**WHAT TO PRODUCE:**
Task for the listing below: copy it out in full, exactly.

PROVIDED MATERIAL START

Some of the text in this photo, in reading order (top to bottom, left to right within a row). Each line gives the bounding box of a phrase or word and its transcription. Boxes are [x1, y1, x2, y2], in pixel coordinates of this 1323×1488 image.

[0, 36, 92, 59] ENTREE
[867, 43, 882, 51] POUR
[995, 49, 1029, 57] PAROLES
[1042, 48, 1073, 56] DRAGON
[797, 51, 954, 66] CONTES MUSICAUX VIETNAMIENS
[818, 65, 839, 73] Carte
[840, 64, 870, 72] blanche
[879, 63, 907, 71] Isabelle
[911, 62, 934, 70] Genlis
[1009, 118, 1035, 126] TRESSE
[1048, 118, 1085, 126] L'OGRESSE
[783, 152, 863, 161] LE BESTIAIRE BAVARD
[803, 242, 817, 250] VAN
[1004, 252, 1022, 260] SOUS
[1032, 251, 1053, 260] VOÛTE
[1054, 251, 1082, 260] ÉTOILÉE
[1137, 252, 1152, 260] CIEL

PROVIDED MATERIAL END

**SOLUTION:**
Some of the text in this photo, in reading order (top to bottom, left to right within a row). Each line gives the bounding box of a phrase or word and its transcription. Boxes are [x1, y1, x2, y2], in pixel coordinates of this 1323×1488 image.

[0, 36, 92, 59] ENTREE
[867, 43, 882, 51] POUR
[995, 49, 1029, 57] PAROLES
[1042, 48, 1073, 56] DRAGON
[797, 51, 954, 66] CONTES MUSICAUX VIETNAMIENS
[818, 65, 839, 73] Carte
[840, 64, 870, 72] blanche
[879, 63, 907, 71] Isabelle
[911, 62, 934, 70] Genlis
[1009, 118, 1035, 126] TRESSE
[1048, 118, 1085, 126] L'OGRESSE
[783, 152, 863, 161] LE BESTIAIRE BAVARD
[803, 242, 817, 250] VAN
[1004, 252, 1022, 260] SOUS
[1032, 251, 1053, 260] VOÛTE
[1054, 251, 1082, 260] ÉTOILÉE
[1137, 252, 1152, 260] CIEL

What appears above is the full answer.